- Born: Frances Opeolu Folorunsho 22 November 1949 Halifax, England
- Died: 21 August 1997 (aged 47) Lagos, Nigeria
- Genres: Afrobeat; Afro jazz;
- Occupations: Musician; Singer; Activist;
- Instruments: Saxophone; piano;
- Years active: 1978–1997

= Fran Kuboye =

Fran Kuboye (born Frances Opeolu Folorunsho, November 22, 1949 – 21 August 1997) was a British-Nigerian singer, dentist, TV personality and women's rights activist who co-founded the Jazz 38 club in Lagos and the Extended Family Jazz Band. Born into the Ransome-Kuti family, she was the granddaughter of Funmilayo Ransome-Kuti, and niece of Fela Kuti.

==Early life==
Kuboye was born in Halifax, England to Dolupo Ransome Kuti, and named after her grandmother Frances Funmilayo Ransome Kuti. Kuboye had her primary education at Clifton Church of England School, Carnforth and Lancashire Church of England School, and her secondary education at Lancaster Girls Grammar School, England, later transferring to Skipton Girls High School. She acquired a degree as a dental surgeon in 1974 from Sheffield University.

==Career==
Kuboye relocated to Nigeria in 1977. She got into music a year later and co-founded the Jazz 38 club with the Extended Family Jazz Band led by herself and her husband Tunde Kuboye. The venue later became the most popular jazz hub in Nigeria where both her uncle and cousin - Fela Kuti and his son Femi - occasionally performed as guest artistes. The Extended Family band members were reputed to be the pioneers of Jazz music in Nigeria and they were the first in the country to release an album on compact disc titled Jisting.

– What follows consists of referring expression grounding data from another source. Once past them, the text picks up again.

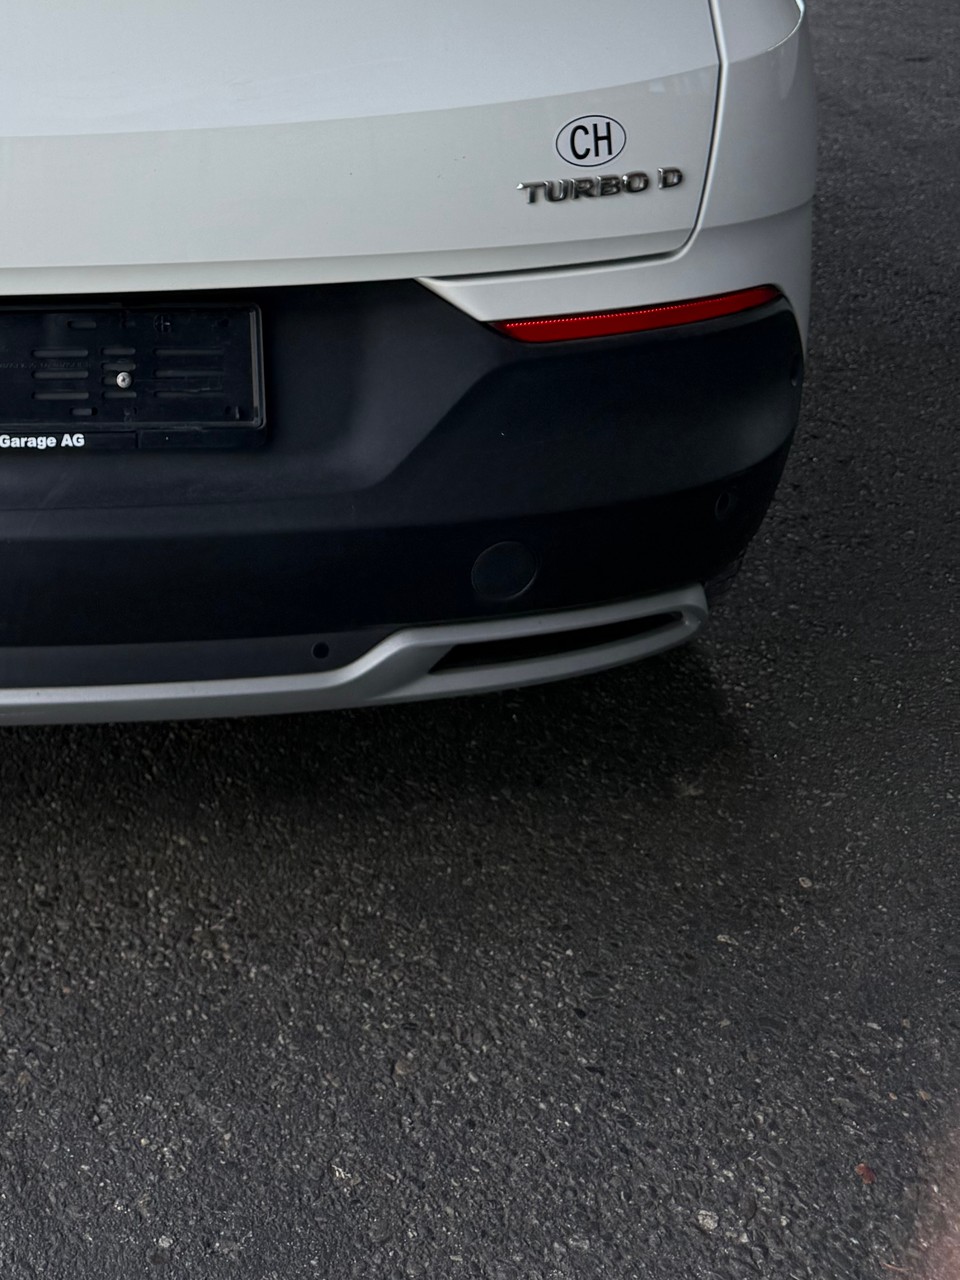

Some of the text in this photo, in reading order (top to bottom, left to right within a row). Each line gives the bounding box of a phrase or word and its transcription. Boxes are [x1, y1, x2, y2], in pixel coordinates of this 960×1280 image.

[570, 121, 613, 160] CH
[516, 167, 684, 204] TURBO D
[60, 433, 85, 448] AG
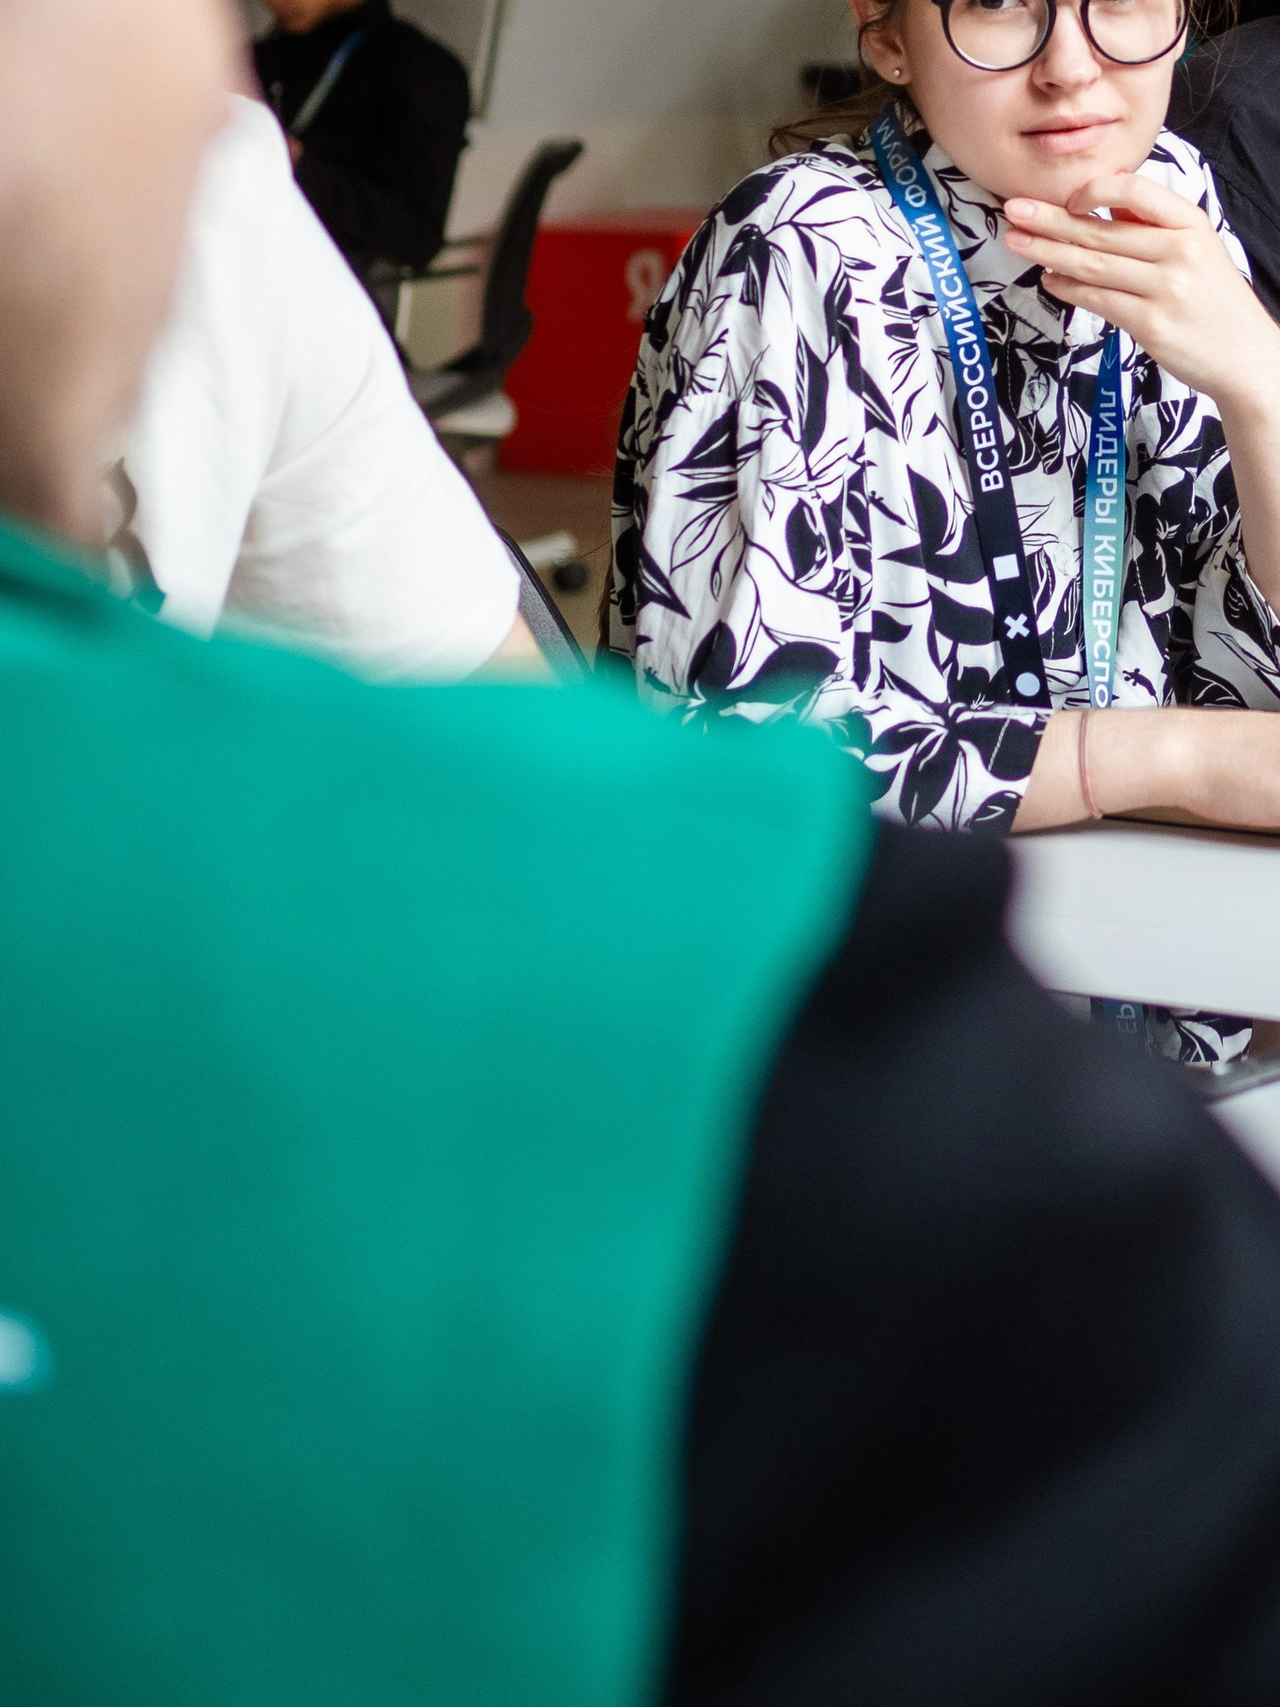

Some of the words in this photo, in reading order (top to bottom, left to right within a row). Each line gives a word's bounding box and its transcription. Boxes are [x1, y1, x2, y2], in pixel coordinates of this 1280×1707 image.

[875, 116, 927, 208] ФОРУМ
[914, 212, 1005, 493] ВСЕРОССИЙСКИЙ
[1094, 387, 1118, 524] ЛИДЕРЫ

Kuboye - also a TV presenter - hosted the arts segment of The Sunday Show with Livi Ajuonuma. She also acted as a talent judge on several musical contest shows including NTA Network's Who's On? alongside her husband Tunde. She started a non-profit organization with Yemisi Ransome-Kuti called "Girl Watch" to empower less privileged secondary school students on gender equality and social abnormalities in the African culture. Kuboye who was also a painter who used arts and crafts to educate young female students about the dangers of female genital mutilation and the importance of using education to achieve gender equality.

== Personal life ==
Kuboye was married to Tunde Kuboye, an engineer-turned-musician, and they had three children together including their only son, musician Baba Kuboye.

== Death ==
On 21 August 1997, less than a month after her uncle Fela Kuti's death, Kuboye died after a brief illness. This was one of three deaths in the Kuti family that year; Fela's daughter and Kuboye's cousin, Sola, would also pass away shortly after.